Many real-world problems involve data that both have complex structures and uncertainty. Statistical relational learning (SRL) is an emerging area of research that addresses the problem of learning from these noisy structured/relational data. Markov logic networks (MLNs), sets of weighted first-order logic formulae, are a simple but powerful SRL formalism that generalizes both first-order logic and Markov networks. MLNs have been successfully applied to a variety of real-world problems ranging from extraction knowledge from text to visual event recognition. Most of the existing learning algorithms for MLNs are in the generative setting: they try to learn a model that is equally capable of predicting the values of all variables given an arbitrary set of evidence; and they do not scale to problems with thousands of examples. However, many real-world problems in structured/relational data are discriminative---where the variables are divided into two disjoint sets input and output, and the goal is to correctly predict the values of the output variables given evidence data about the input variables. In addition, these problems usually involve data that have thousands of examples. Thus, it is important to develop new discriminative learning methods for MLNs that are more accurate and more scalable, which are the topics addressed in this thesis.

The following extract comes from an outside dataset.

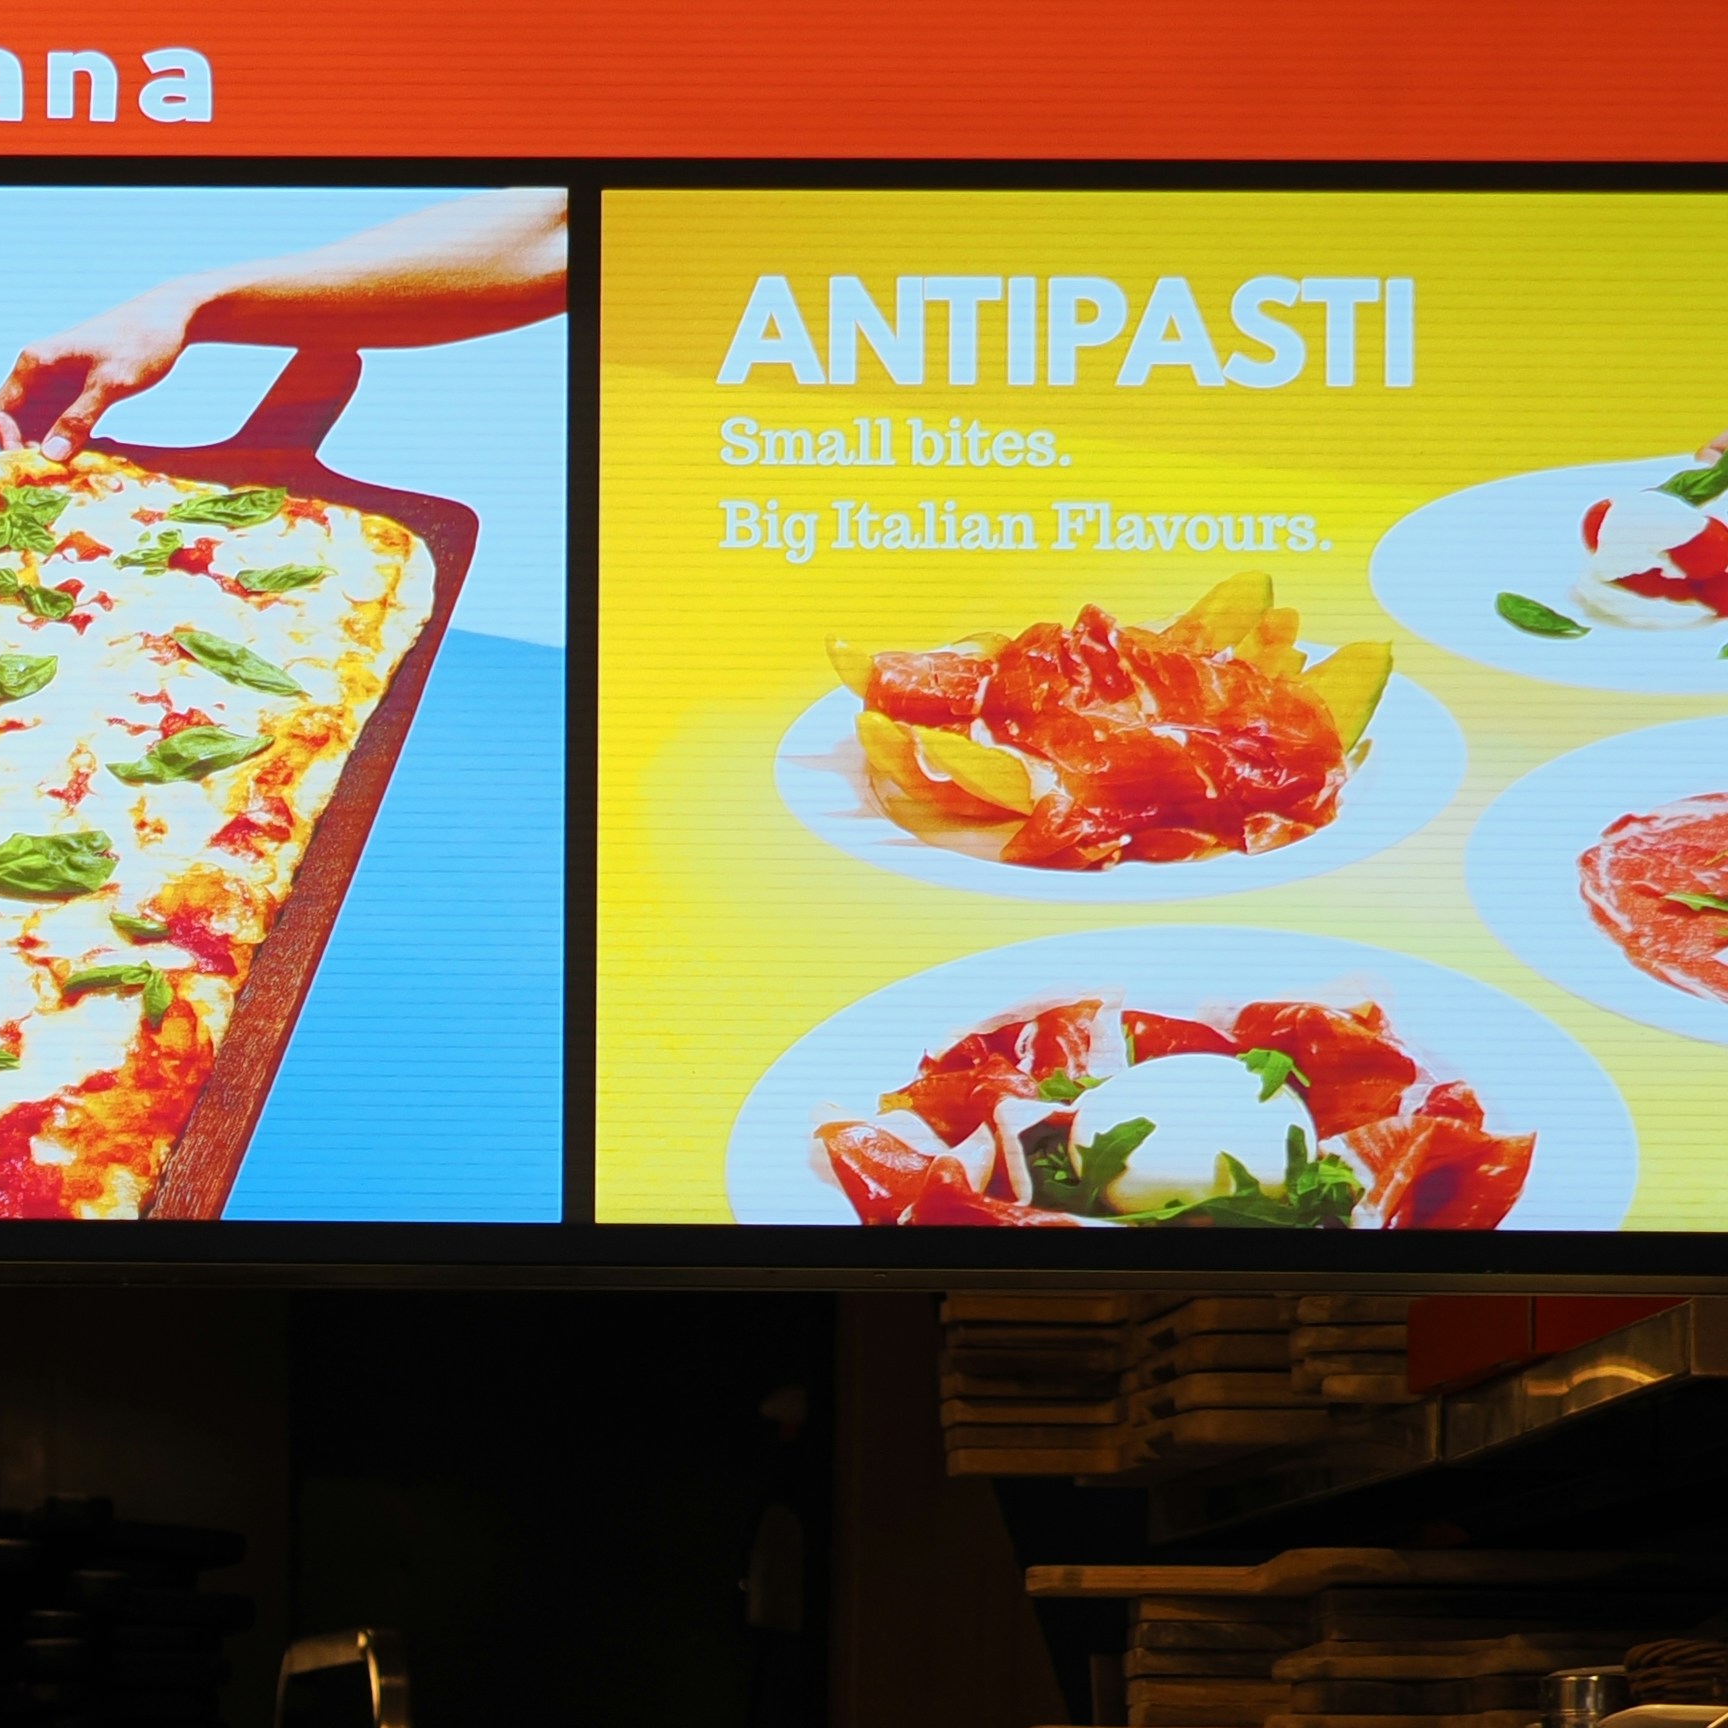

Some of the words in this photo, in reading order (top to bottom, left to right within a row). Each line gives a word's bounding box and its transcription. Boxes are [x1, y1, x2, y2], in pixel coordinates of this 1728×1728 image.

First, we present a new method that discriminatively learns both the structure and parameters for a special class of MLNs where all the clauses are non-recursive ones. Non-recursive clauses arise in many learning problems in Inductive Logic Programming. To further improve the predictive accuracy, we propose a max-margin approach to learning weights for MLNs. Then, to address the issue of scalability, we present CDA, an online max-margin weight learning algorithm for MLNs. Ater that, we present OSL, the first algorithm that performs both online structure learning and parameter learning. Finally, we address an issue arising in applying MLNs to many real-world problems: learning in the presence of many hard constraints. Including hard constraints during training greatly increases the computational complexity of the learning problem. Thus, we propose a simple heuristic for selecting which hard constraints to include during training.
Experimental results on several real-world problems show that the proposed methods are more accurate, more scalable (can handle problems with thousands of examples), or both more accurate and more scalable than existing learning methods for MLNs.
PhD Thesis, Department of Computer Science, University of Texas at Austin.